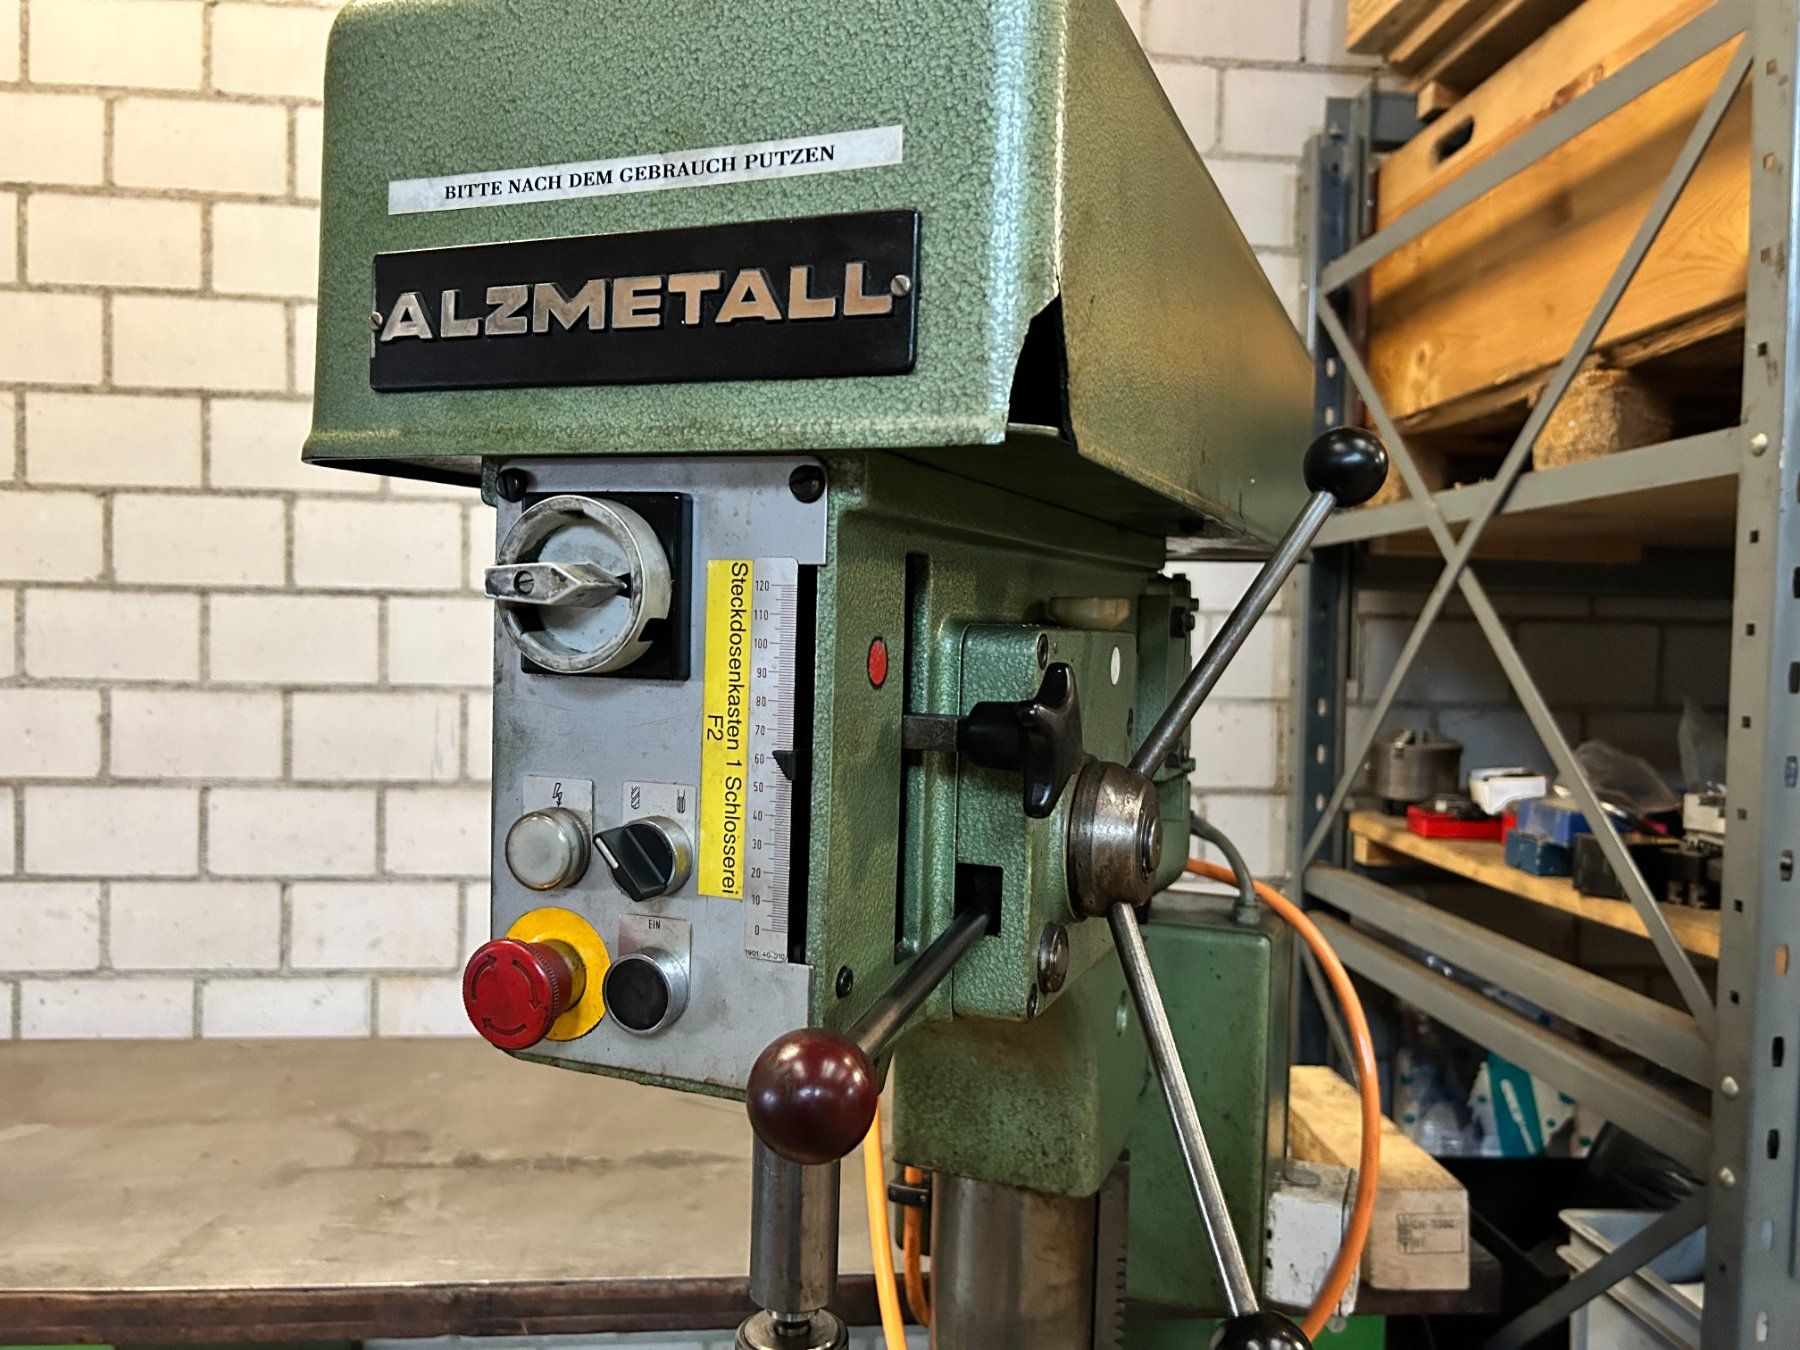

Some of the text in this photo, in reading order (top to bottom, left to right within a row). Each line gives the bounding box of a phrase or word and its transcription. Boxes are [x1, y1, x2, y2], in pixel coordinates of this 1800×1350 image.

[444, 144, 836, 200] BITTE NACH DEM GEBRAUCH PUTZEN
[379, 262, 894, 343] ALZMETALL
[755, 580, 770, 591] 120
[754, 610, 769, 621] 110
[754, 638, 768, 649] 100
[726, 562, 749, 750] Steckdosenkasten
[756, 668, 767, 678] 90
[756, 696, 767, 707] 80
[707, 714, 724, 741] F2
[755, 725, 766, 736] 70
[754, 753, 765, 764] 60
[753, 782, 764, 793] 50
[752, 810, 763, 821] 40
[722, 776, 742, 894] Schlosserei
[752, 839, 762, 850] 30
[751, 867, 761, 879] 20
[751, 895, 761, 906] 10
[648, 919, 661, 930] EIN
········
What the task requires: No pictures belong in the answer; copy all other parts of the listing exactly.

Answer:
Some of the text in this photo, in reading order (top to bottom, left to right within a row). Each line gives the bounding box of a phrase or word and its transcription. Boxes are [x1, y1, x2, y2], in pixel coordinates of this 1800×1350 image.

[444, 144, 836, 200] BITTE NACH DEM GEBRAUCH PUTZEN
[379, 262, 894, 343] ALZMETALL
[755, 580, 770, 591] 120
[754, 610, 769, 621] 110
[754, 638, 768, 649] 100
[726, 562, 749, 750] Steckdosenkasten
[756, 668, 767, 678] 90
[756, 696, 767, 707] 80
[707, 714, 724, 741] F2
[755, 725, 766, 736] 70
[754, 753, 765, 764] 60
[753, 782, 764, 793] 50
[752, 810, 763, 821] 40
[722, 776, 742, 894] Schlosserei
[752, 839, 762, 850] 30
[751, 867, 761, 879] 20
[751, 895, 761, 906] 10
[648, 919, 661, 930] EIN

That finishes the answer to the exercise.